## Task brief
Give all the records again, with no alterations.

## Dataset entries

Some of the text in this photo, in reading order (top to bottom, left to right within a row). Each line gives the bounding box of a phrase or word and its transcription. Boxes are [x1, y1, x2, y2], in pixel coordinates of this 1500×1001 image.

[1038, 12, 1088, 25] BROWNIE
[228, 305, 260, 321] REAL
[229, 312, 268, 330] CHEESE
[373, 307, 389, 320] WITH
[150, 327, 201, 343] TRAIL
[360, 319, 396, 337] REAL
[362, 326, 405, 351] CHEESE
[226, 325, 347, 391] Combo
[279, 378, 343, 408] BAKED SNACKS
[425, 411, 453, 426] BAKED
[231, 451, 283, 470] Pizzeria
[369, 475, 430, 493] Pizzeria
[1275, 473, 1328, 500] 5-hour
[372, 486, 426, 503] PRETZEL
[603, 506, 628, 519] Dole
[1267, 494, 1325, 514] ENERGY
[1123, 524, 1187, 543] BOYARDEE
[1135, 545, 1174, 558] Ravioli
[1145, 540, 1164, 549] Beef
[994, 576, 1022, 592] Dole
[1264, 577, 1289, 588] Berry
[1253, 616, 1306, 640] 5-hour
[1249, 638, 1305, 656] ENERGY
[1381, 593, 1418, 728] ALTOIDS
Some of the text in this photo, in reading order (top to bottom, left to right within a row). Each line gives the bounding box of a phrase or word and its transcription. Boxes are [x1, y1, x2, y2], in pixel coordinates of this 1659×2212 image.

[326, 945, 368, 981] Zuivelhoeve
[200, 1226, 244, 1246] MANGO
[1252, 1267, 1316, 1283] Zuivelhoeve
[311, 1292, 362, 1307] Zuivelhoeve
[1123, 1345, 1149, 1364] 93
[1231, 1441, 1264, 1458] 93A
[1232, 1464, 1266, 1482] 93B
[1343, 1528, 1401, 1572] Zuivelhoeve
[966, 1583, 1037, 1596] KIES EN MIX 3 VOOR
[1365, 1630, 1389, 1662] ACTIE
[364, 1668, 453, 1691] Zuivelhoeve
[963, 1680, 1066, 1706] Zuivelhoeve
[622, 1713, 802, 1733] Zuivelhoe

## Task answer
Some of the text in this photo, in reading order (top to bottom, left to right within a row). Each line gives the bounding box of a phrase or word and its transcription. Boxes are [x1, y1, x2, y2], in pixel coordinates of this 1500×1001 image.

[1038, 12, 1088, 25] BROWNIE
[228, 305, 260, 321] REAL
[229, 312, 268, 330] CHEESE
[373, 307, 389, 320] WITH
[150, 327, 201, 343] TRAIL
[360, 319, 396, 337] REAL
[362, 326, 405, 351] CHEESE
[226, 325, 347, 391] Combo
[279, 378, 343, 408] BAKED SNACKS
[425, 411, 453, 426] BAKED
[231, 451, 283, 470] Pizzeria
[369, 475, 430, 493] Pizzeria
[1275, 473, 1328, 500] 5-hour
[372, 486, 426, 503] PRETZEL
[603, 506, 628, 519] Dole
[1267, 494, 1325, 514] ENERGY
[1123, 524, 1187, 543] BOYARDEE
[1135, 545, 1174, 558] Ravioli
[1145, 540, 1164, 549] Beef
[994, 576, 1022, 592] Dole
[1264, 577, 1289, 588] Berry
[1253, 616, 1306, 640] 5-hour
[1249, 638, 1305, 656] ENERGY
[1381, 593, 1418, 728] ALTOIDS
Some of the text in this photo, in reading order (top to bottom, left to right within a row). Each line gives the bounding box of a phrase or word and its transcription. Boxes are [x1, y1, x2, y2], in pixel coordinates of this 1659×2212 image.

[326, 945, 368, 981] Zuivelhoeve
[200, 1226, 244, 1246] MANGO
[1252, 1267, 1316, 1283] Zuivelhoeve
[311, 1292, 362, 1307] Zuivelhoeve
[1123, 1345, 1149, 1364] 93
[1231, 1441, 1264, 1458] 93A
[1232, 1464, 1266, 1482] 93B
[1343, 1528, 1401, 1572] Zuivelhoeve
[966, 1583, 1037, 1596] KIES EN MIX 3 VOOR
[1365, 1630, 1389, 1662] ACTIE
[364, 1668, 453, 1691] Zuivelhoeve
[963, 1680, 1066, 1706] Zuivelhoeve
[622, 1713, 802, 1733] Zuivelhoe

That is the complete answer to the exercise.